My new calf does not seem to be getting enough milk from his mom,day one he ate 3 pints colostrum from the bottle ,and I think a little from mom. Day 2 he only took 1 small bottle (1 pint) so I thought ok ,maybe he has learned to suck better. Next day I offered but he didn't take it but I figured he must be getting enough from her. Well yesterday and today he is drinking bottles again. 
I only give him a pint at a time ,a couple of times a day, because I don't want him to give up on mama. He seems to be nursing of her a lot but I don't see any milk or foam. But he must be getting some ,or he would have taken all the bottles I offered,right?
Acts fine too.
Anyways I can get milk that is close to or on the expiration date where I work at sometimes. Can you feed store bought whole milk?
What if it turned sour already? I thought I read somewhere that sour milk or colostrum was ok.
I will only be supplementing with a pint or so at a time ,unless I know he is not getting any from her.
Thanks,
Chris


----------



## Calfkeeper (Feb 1, 2006)

We have never tried supplementing with storebought milk. It's probably been pasteurized and wouldn't hurt the calf, but wouldn't be best for it either, I'd guess.

But here's the thing; if the calf is with the cow he ought to be getting all he needs without any supplementation at all; unless there is a problem with the cow. 

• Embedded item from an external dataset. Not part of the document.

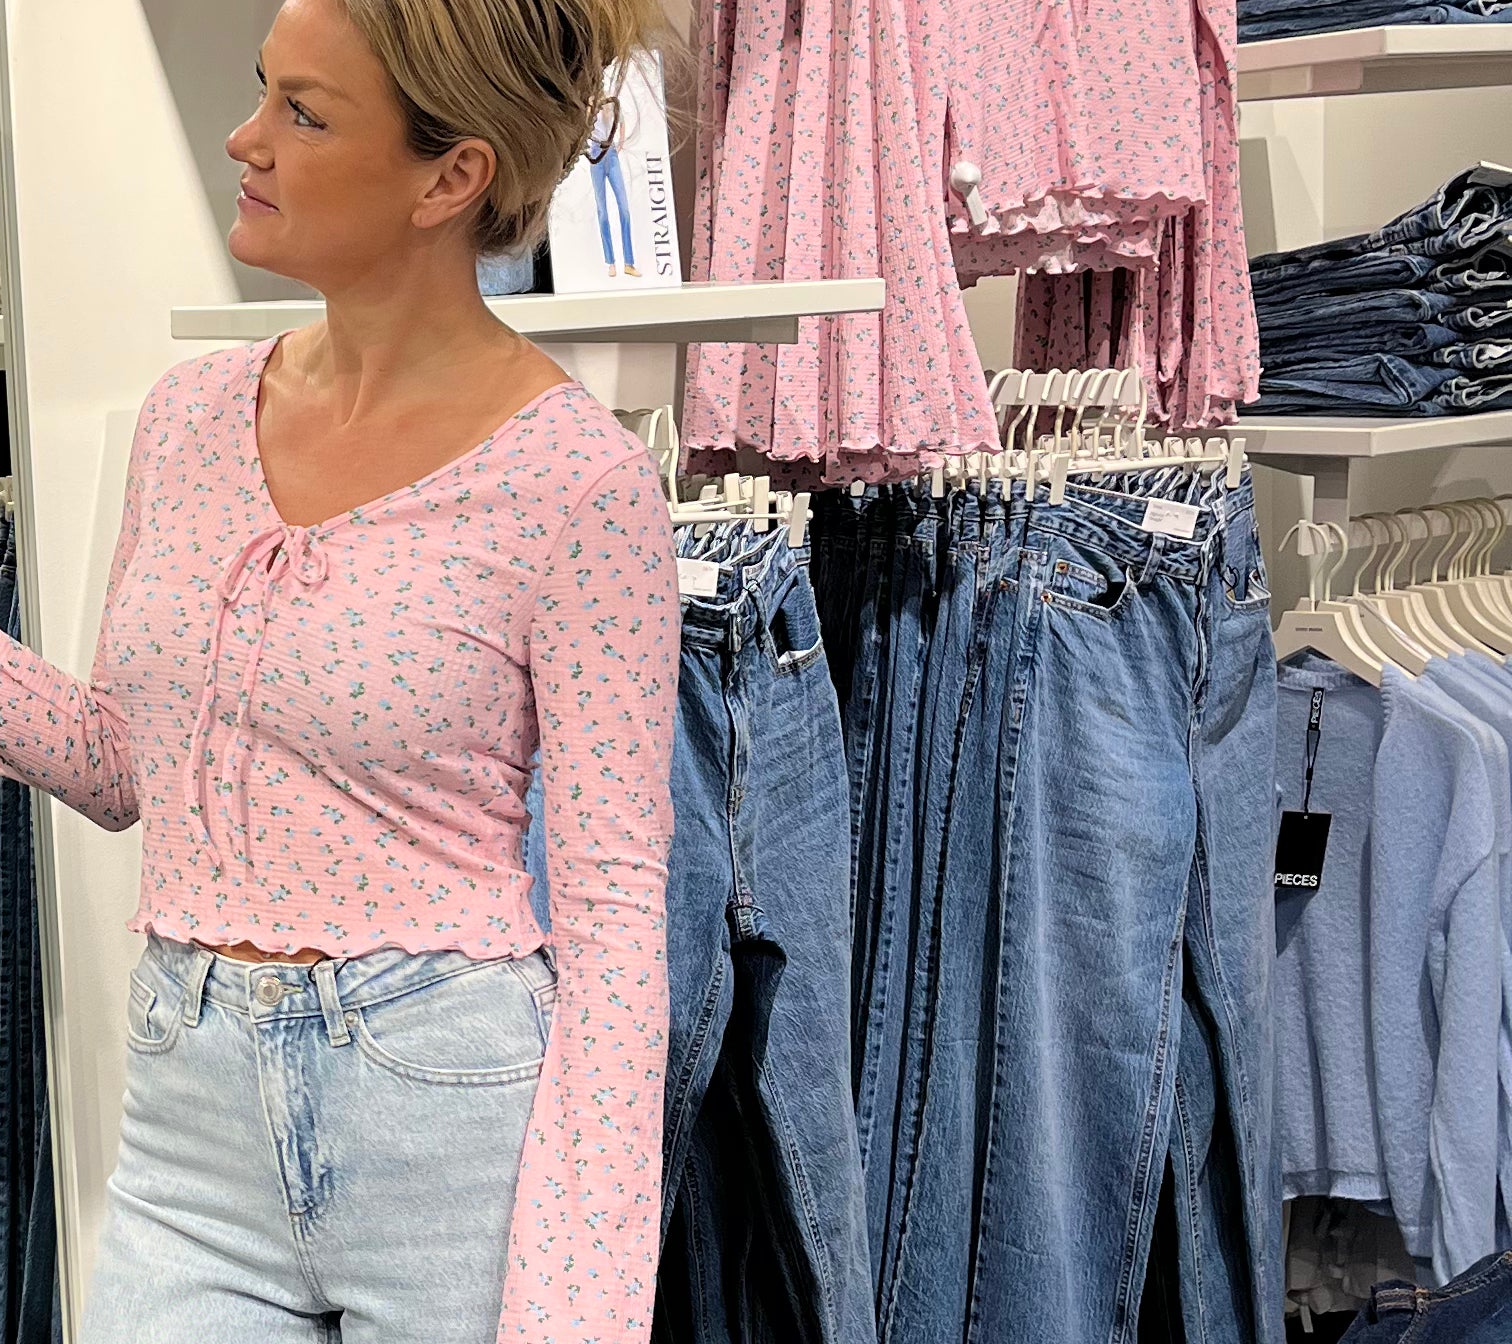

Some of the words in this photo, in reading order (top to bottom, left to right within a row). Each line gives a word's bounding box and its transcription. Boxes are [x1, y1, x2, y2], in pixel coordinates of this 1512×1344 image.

The danger with supplementing is that the calf will always lie to you about how much he needs. They seem to go into this "suckling frenzy" and will drink WAY more than they need. So much so that they will make themselves sick and scour themselves. Much like a kid let loose on too much Halloween candy.

Personally I wouldn't trust sour milk or colostrum. I just wouldn't want to risk the calves. After a certain amount of hours, 8-12 usually, the calf's stomach no longer absorbs the colostrum and it doesn't do it any good really. I have never tried it but my husband said when he'd try feeding colostrum to older calves it would scour them.

Good luck with him!


----------



## springvalley (Jun 23, 2009)

Unless your cow is a poor producer, she should be giving the calf what he needs. They only need about a gallon a day, and if she is producing more than that, the calf will regulate himself. I have rarely seen a calf scour on a cow nursing but it can happen. I would never feed a calf store bought milk unless I couldn`t get anything else, and never sour store bought milk. I have feed aged whole raw milk but that is a differant cat alltogether. just keep an eye on your calf, and if he acts hungry or doesn`t gain, you may then have to do something. > Thanks Marc


----------



## triple divide (Jan 7, 2010)

ufo_chris said:


> I thought I read somewhere that sour milk or colostrum was ok.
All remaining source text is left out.